In S422, the statistics generation unit 58 compares the map file indicating the address information of the software with the current program counter, and determines whether or not the process has transitioned to a different task. If the determination in S422 is No and the task has not transitioned, this process ends.

When the determination in S422 is Yes and the task transitions, the statistic generator 58 in S424 shows the average of the feature information of the same task executed so far, including the task executed so far, as shown in FIG. And store it in the memory storage destination corresponding to the task that was being executed so far. In S426, the statistics generation unit 58 sets the storage destination of the statistical information in the area for the task of the transition destination to be executed from now on.

(4) Diagnostic processing The diagnostic processing shown in FIG. 8 is executed in S412 of the vehicle control diagnostic processing of FIG.
In S430, the diagnostic unit 60 compares the map file indicating the address information of the software with the current program counter, and determines whether or not the process has transitioned to a different task.
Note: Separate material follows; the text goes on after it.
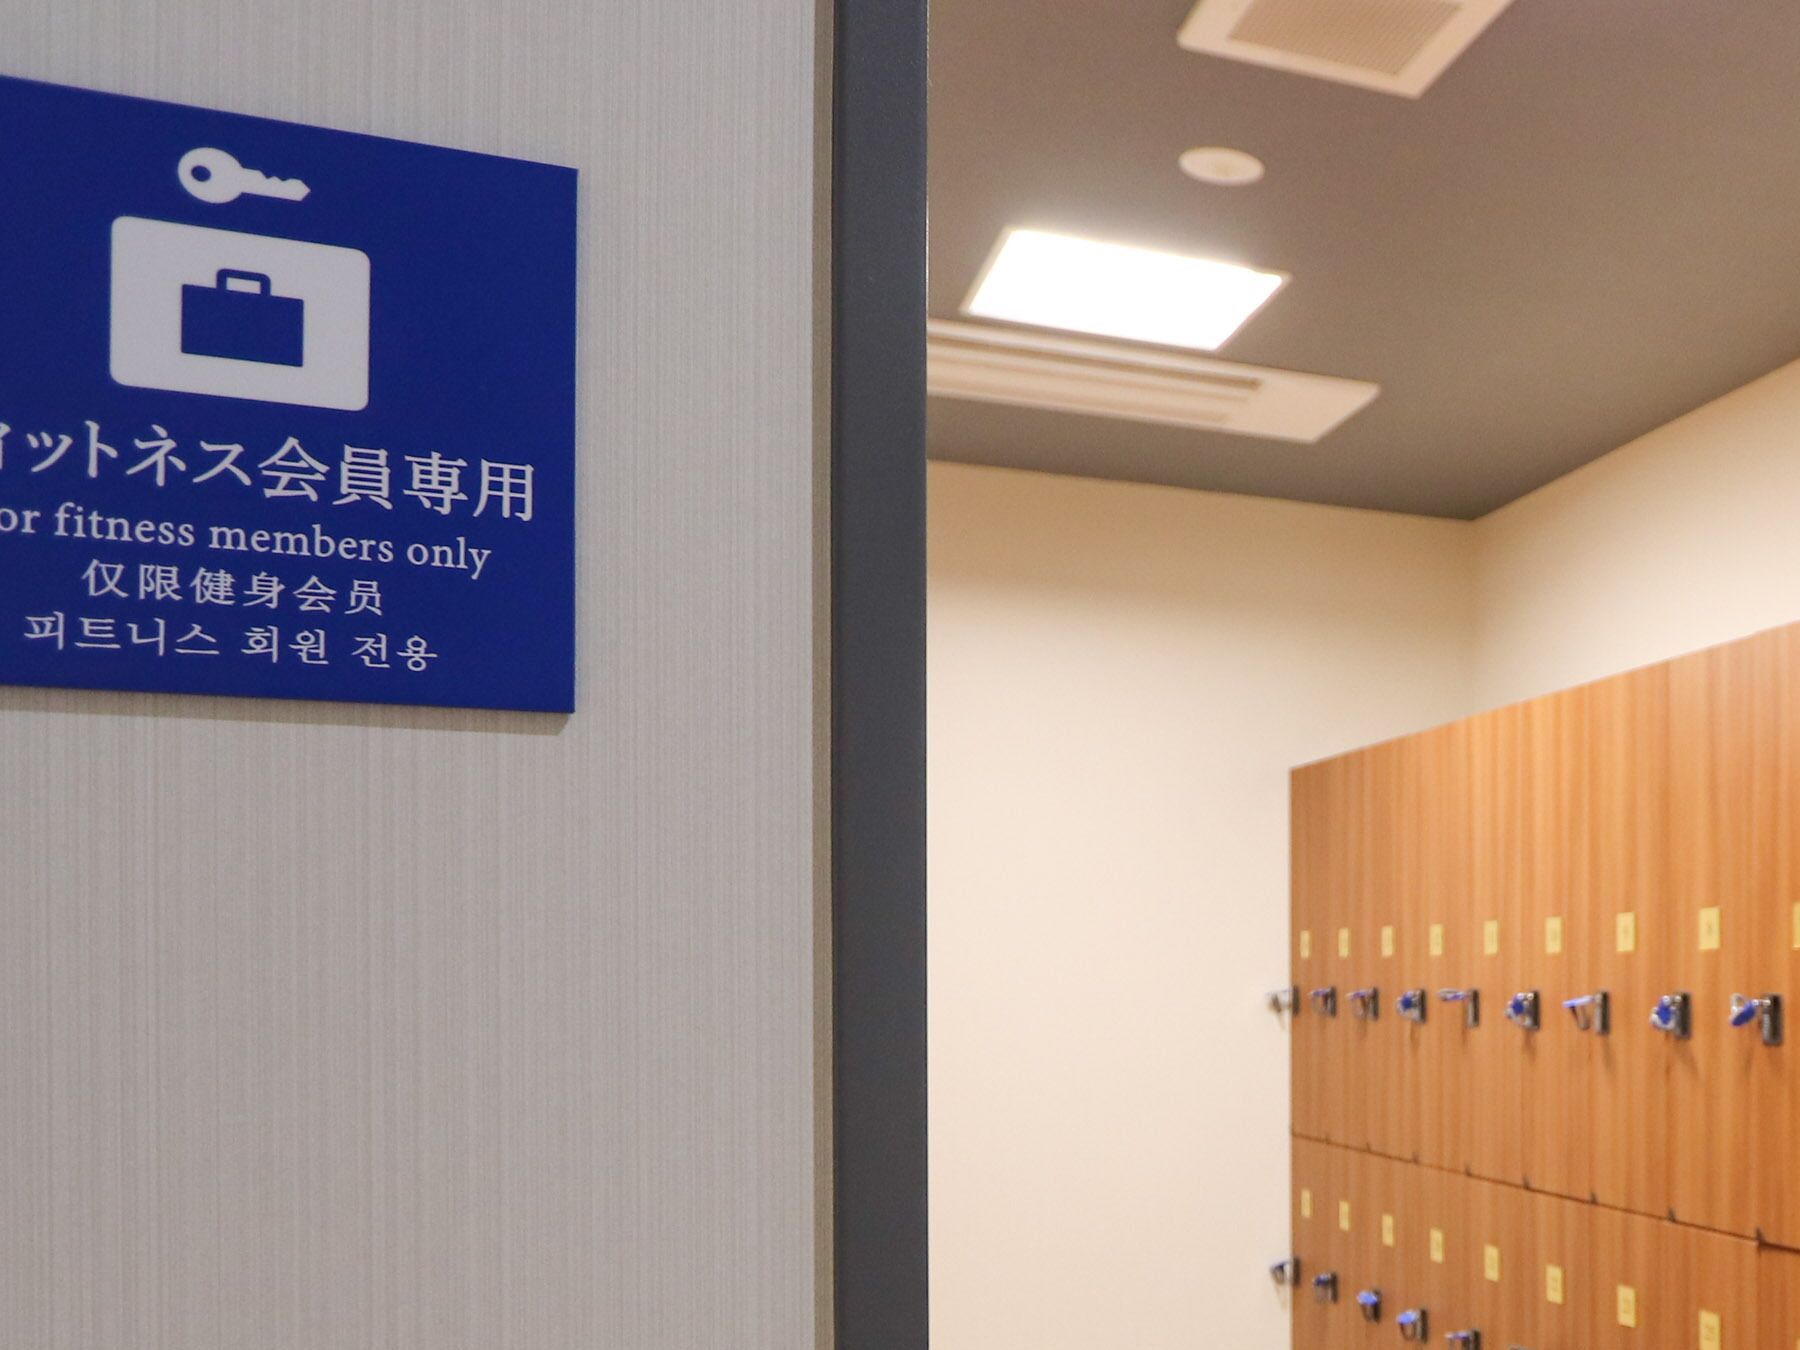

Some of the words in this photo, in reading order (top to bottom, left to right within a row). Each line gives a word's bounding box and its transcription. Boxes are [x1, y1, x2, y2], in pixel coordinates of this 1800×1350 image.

If the determination in S430 is No and the task has not changed, this process ends.

If the determination in S430 is Yes and the task transitions, the diagnostic unit 60 in S432 acquires the diagnostic information of the task that has been executed so far. As described above, the diagnostic information indicates the normal range of the statistical information generated by the statistical generation unit 58 when the vehicle control by the control unit 54 is evaluated in advance and the control unit 54 normally executes the vehicle control. ing. The diagnostic information is stored in the memory area corresponding to each task.

In S434, the diagnostic unit 60 determines whether or not the statistical information of the tasks that have been executed so far is within the normal range indicated by the diagnostic information acquired in S432.
If the determination in S434 is Yes and the statistical information is within the normal range, the diagnostic unit 60 diagnoses that the control unit 54 is executing the task normally and the control unit 54 can continue normal vehicle control. , End this process. In this case, in S404 of FIG. 5, the control unit 54 executes normal vehicle control with the control amount calculated in S400.

If the determination in S434 is No and the statistical information is out of the normal range indicated by the diagnostic information and is abnormal, the diagnostic unit 60 in S436 determines whether the abnormality in the statistical information is within the permissible range that allows the continuation of vehicle control. Judge whether or not.

The permissible range is, for example, because the sensor value of the sensor group 2 changes, noise occurs in the sensor signal, the driving environment of the vehicle such as the water temperature changes, and the statistical information deviates from the normal range. It is set to allow abnormalities to the extent that the vehicle can continue to run if restricted.

If the determination in S436 is Yes and the abnormality in the statistical information is within the permissible range in which vehicle control can be continued, the diagnostic unit 60 in S438 determines that the fail control is limited vehicle control instead of normal vehicle control. The control unit 54 diagnoses that it can be continued. In this case, in S438, the diagnostic unit 60 commands the control unit 54 to control the fail.

If the determination in S436 is No and the abnormality in the statistical information is out of the permissible range in which vehicle control can be continued, the statistics generation unit 58 resets the ECU 10 in S440 to stop the vehicle. Anomalies in statistical information are out of the permissible range when a microcomputer fails, for example, an anomaly in the memory of a microcomputer that executes vehicle control, an anomaly in a data bus, or the like.

Even if the determination of S436 becomes Yes and the control unit 54 starts the fail control, if the determination of S436 becomes Yes and the statistical information returns to the normal range, the control unit 54 returns to the normal vehicle control. May be good.

[3. effect]
In the above-described embodiment described above, the following effects can be obtained.
(1) Feature information representing the characteristics of vehicle control executed in collaboration with the hardware and software of the control unit 54 is acquired for each task, and statistics such as an average value for each task are obtained based on the acquired feature information. Information is generated, and whether the control unit 54 is normal or abnormal is diagnosed based on the statistical information.

As a result, it is not necessary to separately diagnose the hardware and software of the control unit 54 by different diagnostic units. Therefore, it is possible to diagnose whether the control unit 54 is normal or abnormal with a simple configuration.

(2) By acquiring feature information for each task that executes vehicle control and generating statistical information such as the average of feature information for each task, the execution order is determined like the task that executes vehicle control. Even if the execution timing is irregular, statistically meaningful statistical information can be generated for each task.

(3) The diagnostic unit 60 in the microcomputer included in the ECU 10 diagnoses whether the control unit 54 realized by the microcomputer is normal or abnormal. As a result, it is not necessary to install a diagnostic unit for diagnosing whether the control unit 54 is normal or abnormal outside the microcomputer.

In the above-described embodiment, the ECU 10 corresponds to the in-vehicle electronic control device, the control unit 54 corresponds to the control unit, the feature acquisition unit 56 corresponds to the feature acquisition unit, and the statistics generation unit 58 corresponds to the statistics generation unit. Then, the diagnostic unit 60 corresponds to the diagnostic unit.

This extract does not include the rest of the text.